PROBLEM STATEMENT | Begin with the line containing "this 1425×1069 image." and copy each line exactly through the last line of the entries, inclusive.

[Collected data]
Segment Open

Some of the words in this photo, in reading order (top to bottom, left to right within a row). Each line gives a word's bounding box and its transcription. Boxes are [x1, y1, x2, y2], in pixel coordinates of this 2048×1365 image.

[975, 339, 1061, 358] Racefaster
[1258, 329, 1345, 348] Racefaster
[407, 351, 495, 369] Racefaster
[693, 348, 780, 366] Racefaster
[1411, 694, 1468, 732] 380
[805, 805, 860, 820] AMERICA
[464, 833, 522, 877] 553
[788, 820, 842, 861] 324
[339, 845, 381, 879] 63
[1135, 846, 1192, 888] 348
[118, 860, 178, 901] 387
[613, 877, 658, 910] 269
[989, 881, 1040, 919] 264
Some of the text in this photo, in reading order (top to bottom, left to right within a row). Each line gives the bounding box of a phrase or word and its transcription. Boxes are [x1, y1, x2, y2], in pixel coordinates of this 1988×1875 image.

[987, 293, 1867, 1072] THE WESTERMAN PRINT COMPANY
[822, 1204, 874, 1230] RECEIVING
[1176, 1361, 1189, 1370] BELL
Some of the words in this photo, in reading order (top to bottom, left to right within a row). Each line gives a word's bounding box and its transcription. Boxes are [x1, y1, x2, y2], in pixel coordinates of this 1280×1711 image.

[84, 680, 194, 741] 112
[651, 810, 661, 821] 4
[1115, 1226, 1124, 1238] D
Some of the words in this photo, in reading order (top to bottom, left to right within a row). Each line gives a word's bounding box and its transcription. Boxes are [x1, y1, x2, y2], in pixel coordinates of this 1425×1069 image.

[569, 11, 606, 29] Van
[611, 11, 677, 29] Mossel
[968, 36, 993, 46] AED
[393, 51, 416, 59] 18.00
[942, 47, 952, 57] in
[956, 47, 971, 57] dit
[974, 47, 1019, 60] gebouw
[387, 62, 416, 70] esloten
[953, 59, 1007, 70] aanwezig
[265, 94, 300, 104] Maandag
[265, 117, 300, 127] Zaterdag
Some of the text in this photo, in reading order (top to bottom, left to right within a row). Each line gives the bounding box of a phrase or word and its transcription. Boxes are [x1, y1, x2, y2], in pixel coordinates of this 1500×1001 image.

Segment Closed

SOLUTION BELOW |
Some of the words in this photo, in reading order (top to bottom, left to right within a row). Each line gives a word's bounding box and its transcription. Boxes are [x1, y1, x2, y2], in pixel coordinates of this 1425×1069 image.

[569, 11, 606, 29] Van
[611, 11, 677, 29] Mossel
[968, 36, 993, 46] AED
[393, 51, 416, 59] 18.00
[942, 47, 952, 57] in
[956, 47, 971, 57] dit
[974, 47, 1019, 60] gebouw
[387, 62, 416, 70] esloten
[953, 59, 1007, 70] aanwezig
[265, 94, 300, 104] Maandag
[265, 117, 300, 127] Zaterdag
Some of the text in this photo, in reading order (top to bottom, left to right within a row). Each line gives the bounding box of a phrase or word and its transcription. Boxes are [x1, y1, x2, y2], in pixel coordinates of this 1500×1001 image.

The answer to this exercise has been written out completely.